Am Abend dann der erste Film: „Meine Schwestern“ von Lars Kraume mit einer großartigen Nina Kunzendorf. Gut! Über „La Piscina“ vom kubanischen Nachwuchsregisseur Carlos M Quintela sei dagegen der Mantel des Schweigens gebreitet. Schwer nachvollziehbar war auch der chinesische Liebesfilm „Tian Mi Mi“ über viele Liebespaare und eine harmonische Trennung. Großartig dagegen die mexikanische Tragikkomödie „Workers“, in der ein Hund ein Haus erbt und ein illegaler Arbeiter von seiner Firma das großzügige Angebot erhält, nach dreißig Jahren Dienst zwar nicht die ihm zustehende Pension zu bekommen, aber unbehelligt weiterarbeiten zu dürfen.

 

Während des sehr berührenden Wettbewerbsbeitrags „An Episode in the Life of an Iron Picker“, der den großen Preis der Jury gewonnen hat, erfolgte auch eine kleine Entschädigung für Jude Law: Im Haus der Berliner Festspiele saß, nur wenige Sitze entfernt, Katja Riemann und schaute sich ebenfalls den Film an. Keine Hollywoodgröße okay, aber immerhin eine meiner deutschen Lieblingsschauspielerinnen.

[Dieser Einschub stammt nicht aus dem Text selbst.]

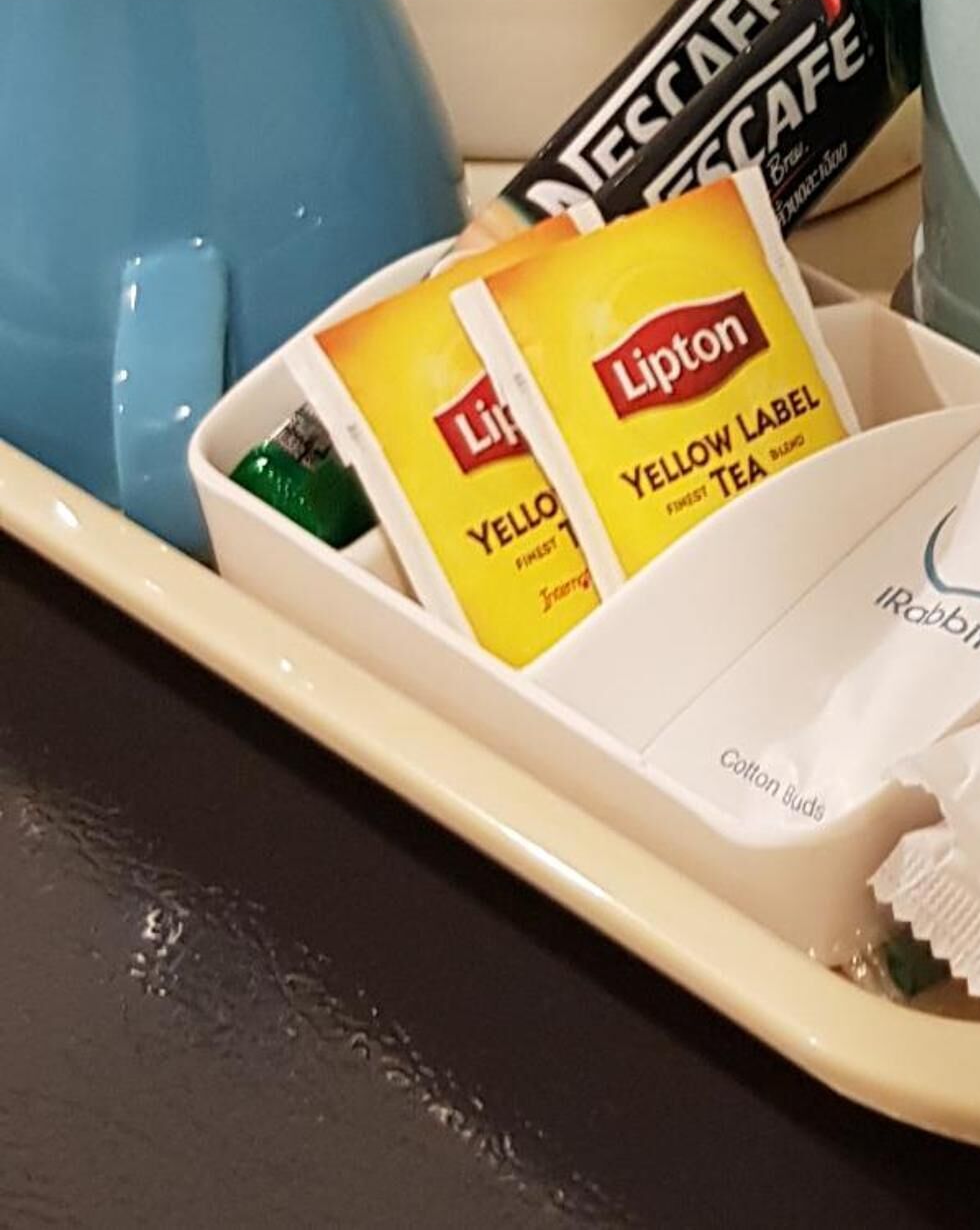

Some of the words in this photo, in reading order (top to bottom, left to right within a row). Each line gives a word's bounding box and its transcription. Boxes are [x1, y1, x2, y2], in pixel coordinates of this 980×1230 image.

[612, 313, 749, 401] Lipton
[620, 423, 733, 500] YELLOW
[736, 385, 821, 444] LABEL
[666, 485, 709, 516] FINEST
[709, 454, 769, 498] TEA
[768, 434, 806, 461] BLEND
[466, 488, 560, 556] YELLO
[515, 536, 558, 570] FINEST
[720, 748, 781, 797] Cotton
[782, 783, 826, 822] Buds
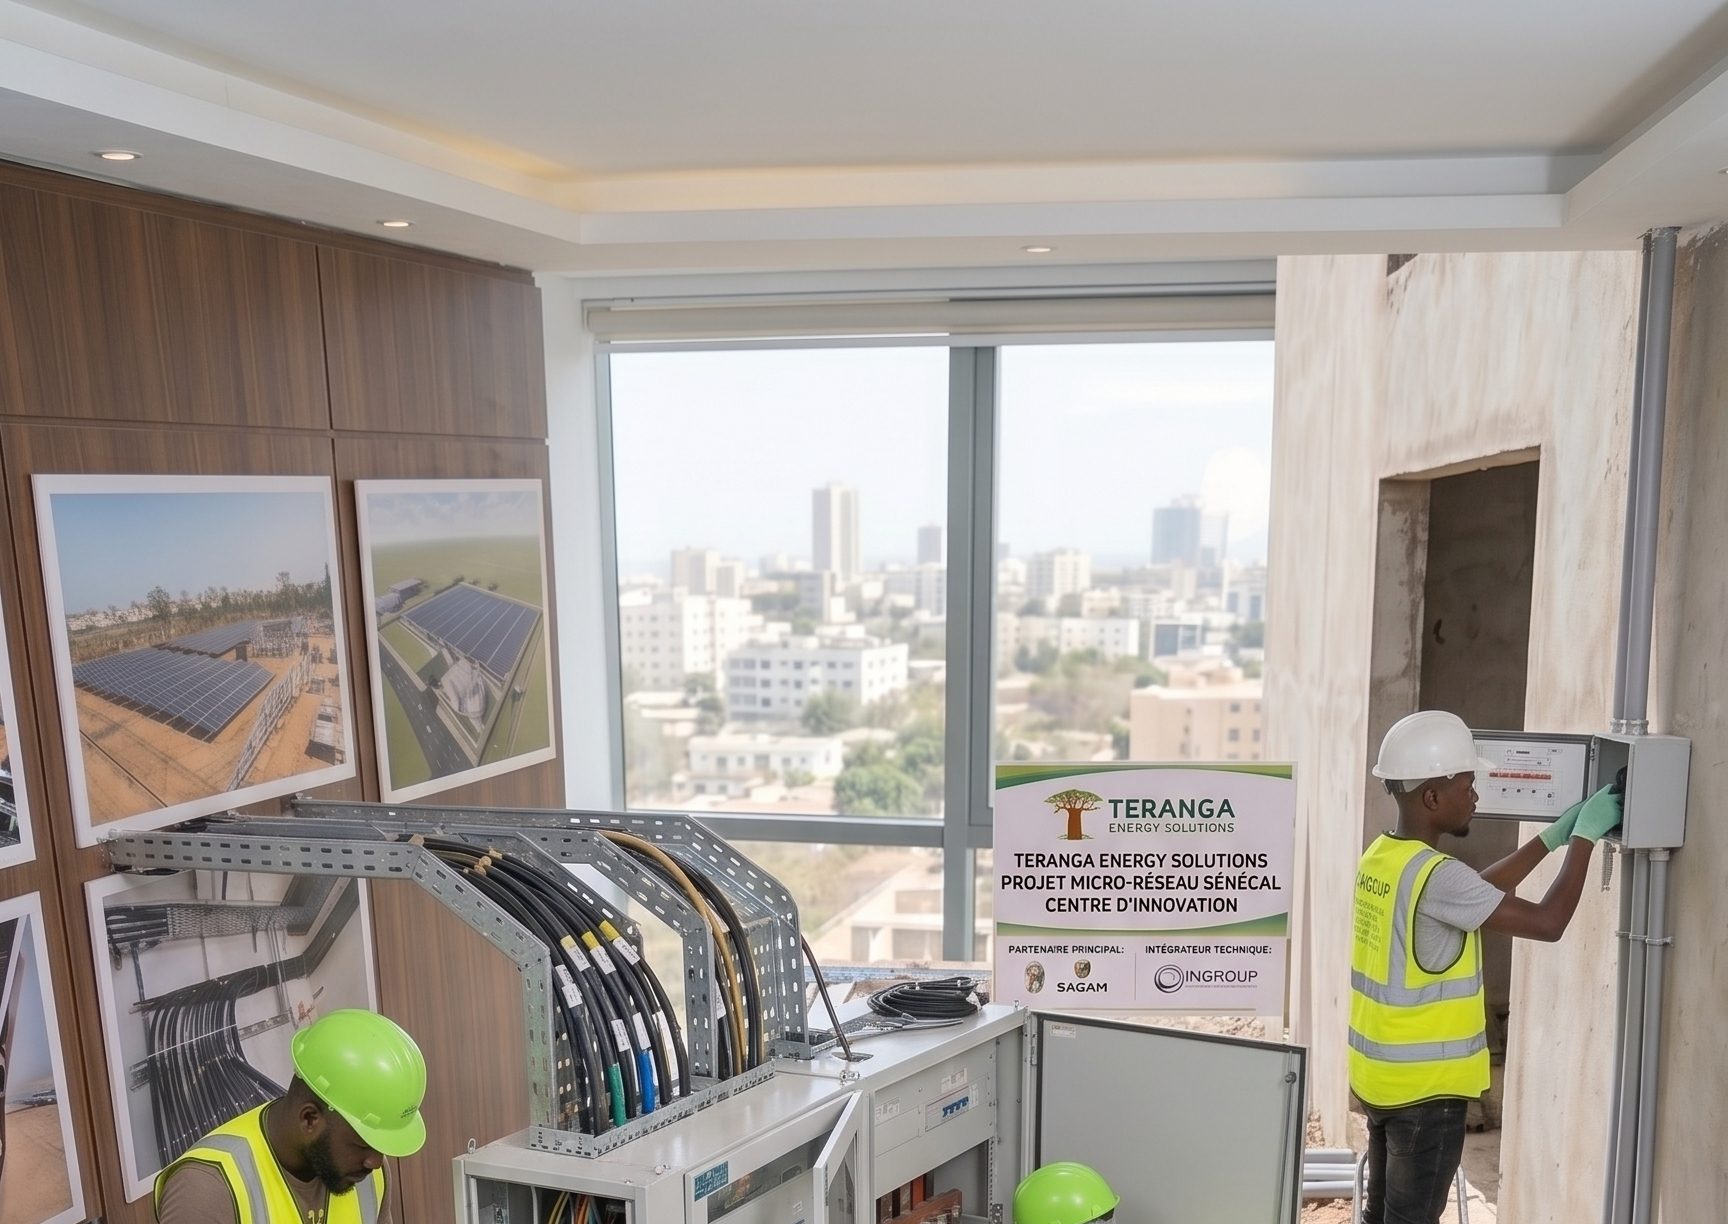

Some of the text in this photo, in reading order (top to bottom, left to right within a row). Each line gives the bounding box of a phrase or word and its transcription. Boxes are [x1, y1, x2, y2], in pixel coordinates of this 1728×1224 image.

[1108, 798, 1236, 819] TERANGA
[1109, 823, 1235, 833] ENERGY SOLUTIONS
[1014, 853, 1268, 868] TERANGA ENERGY SOLUTIONS
[1001, 871, 1282, 891] PROJET MICRO-RÉSEAU SÉNÉCAL
[1045, 897, 1238, 913] CENTRE D'INNOVATION
[1008, 945, 1125, 954] PARTENAIRE PRINCIPAL:
[1145, 943, 1272, 956] INTÉGRATEUR TECHNIQUE:
[1185, 970, 1258, 983] INGROUP
[1057, 982, 1108, 993] SAGAM
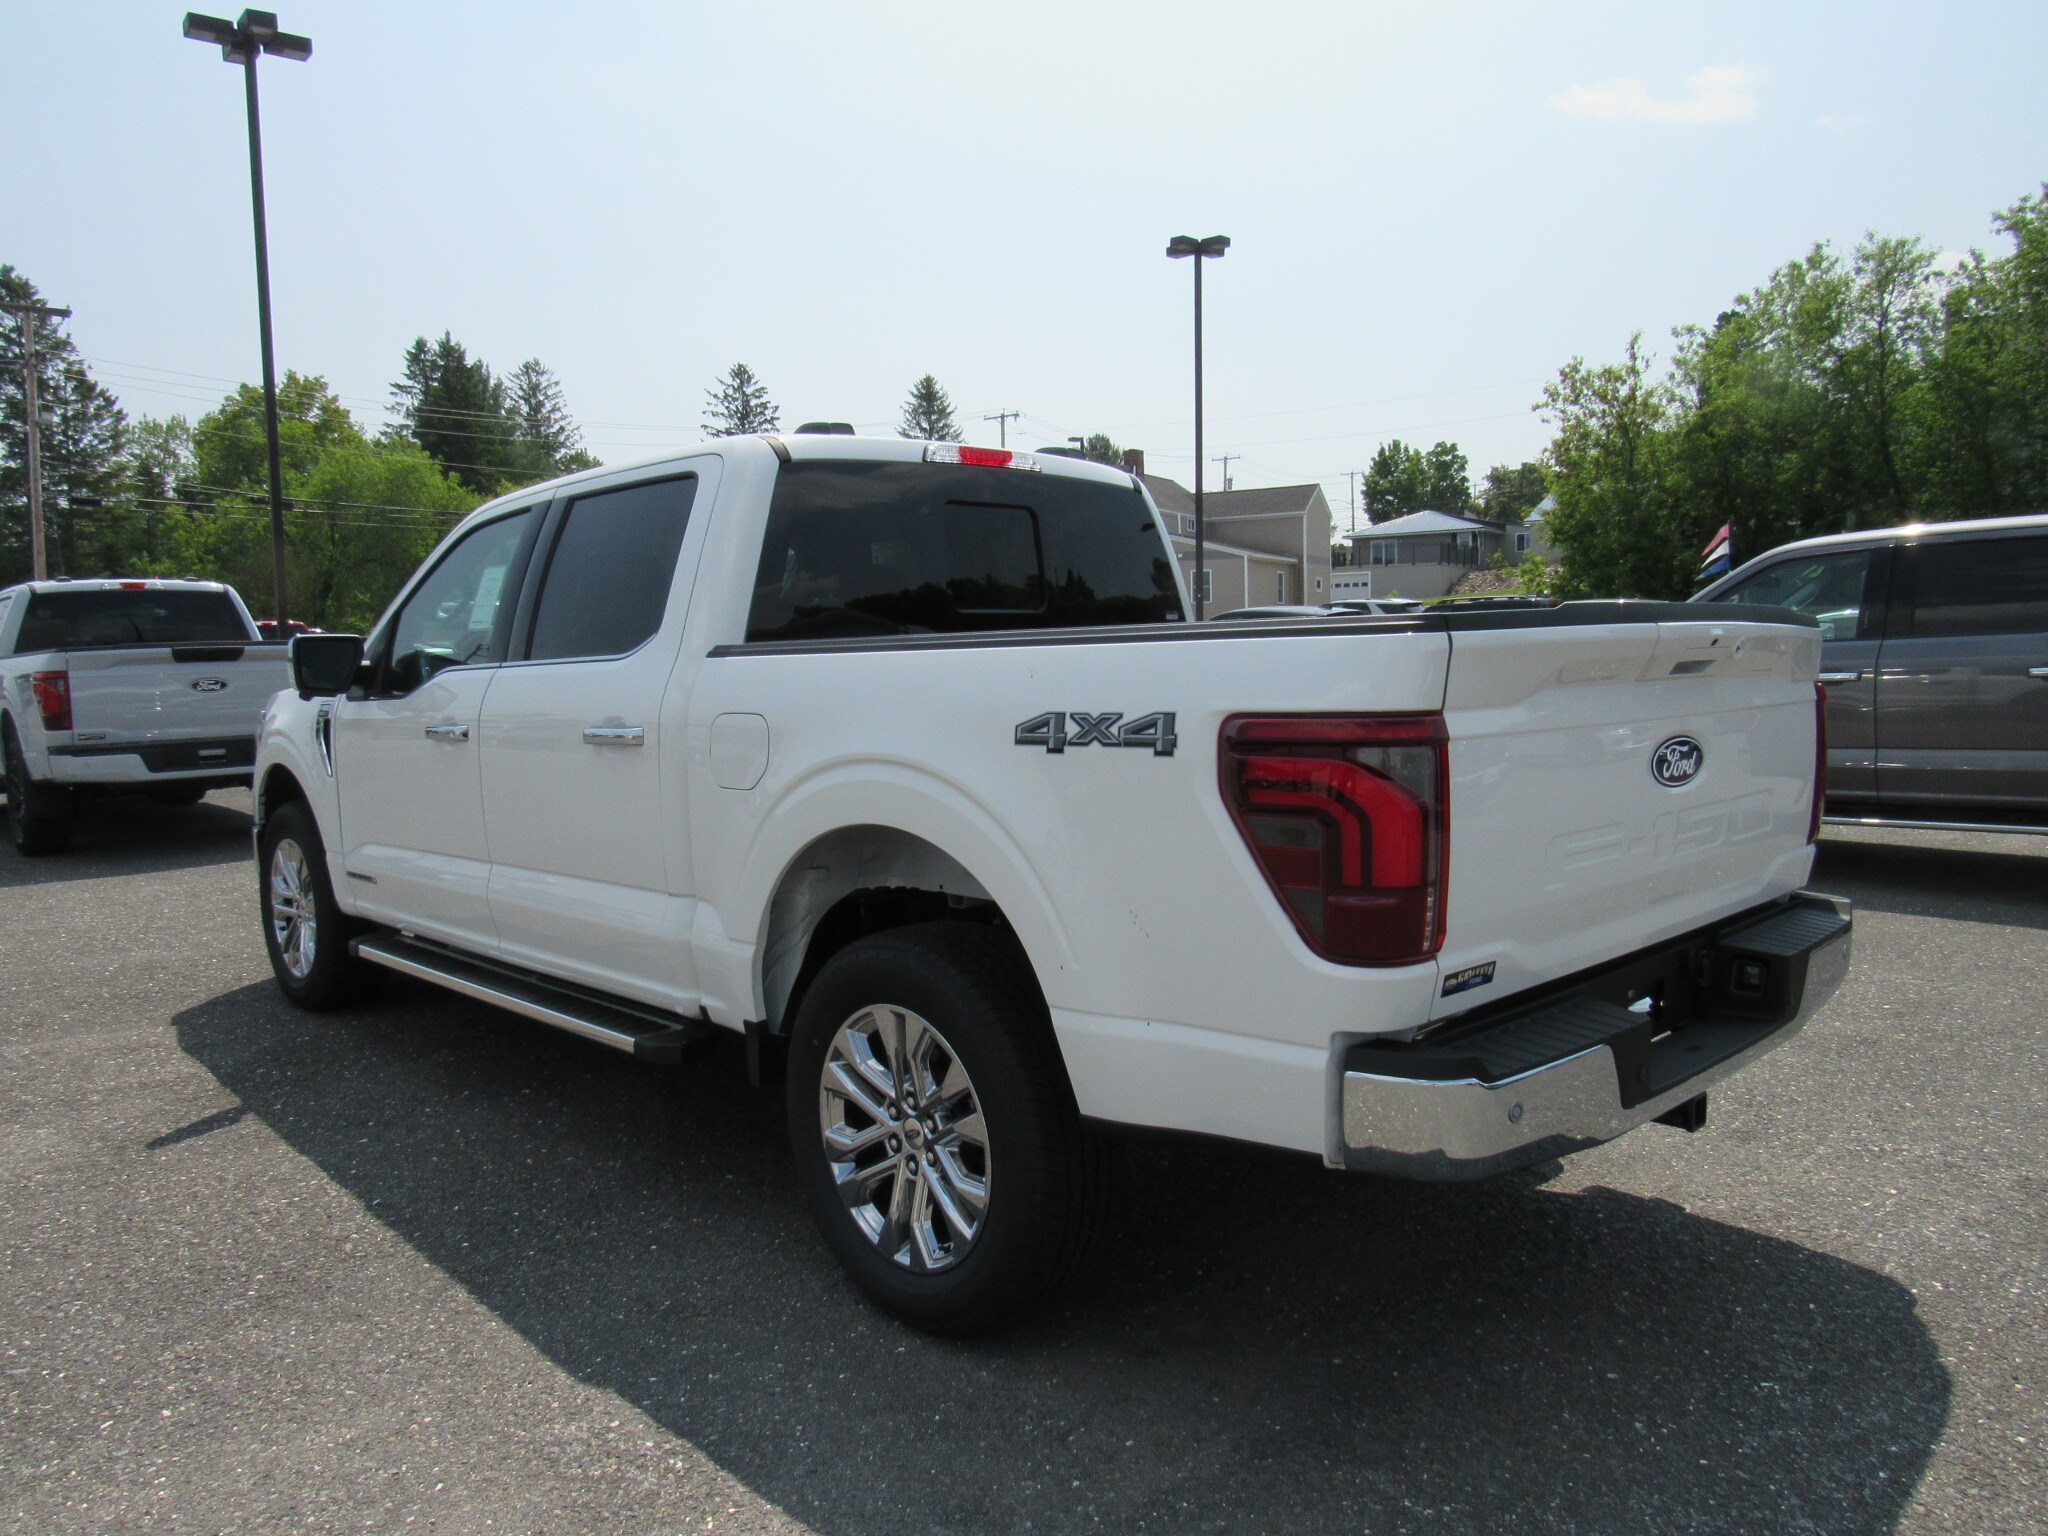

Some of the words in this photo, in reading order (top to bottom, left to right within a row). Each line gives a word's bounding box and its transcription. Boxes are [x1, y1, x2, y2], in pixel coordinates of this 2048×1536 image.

[195, 680, 222, 691] Ford
[1658, 742, 1698, 781] Ford
[1543, 787, 1775, 891] F-150

Die Berlinalebilanz? Sieben Filme in drei Tagen, dreieinhalb Päckchen Hustenbonbons und mindestens fünf Liter vietnamesische Hühnernudelsuppe. Überhaupt: Was Berlin Freiburg voraus hat, sind neben dem großartigsten aller Filmfestivals vor allem die vielen Vietnamesen, die zumindest im Ostteil der Stadt per Nachtverkauf die Rundumversorgung sichern und in unzähligen Restaurants leckerstes und gesundes Wellfood anbieten. Bei meinem Lieblingsvietnamesen „Si An“ soll kürzlich George Clooney aufgetaucht sein.  GEORGE CLOONEY! Gegen den kann sogar Jude Law abstinken!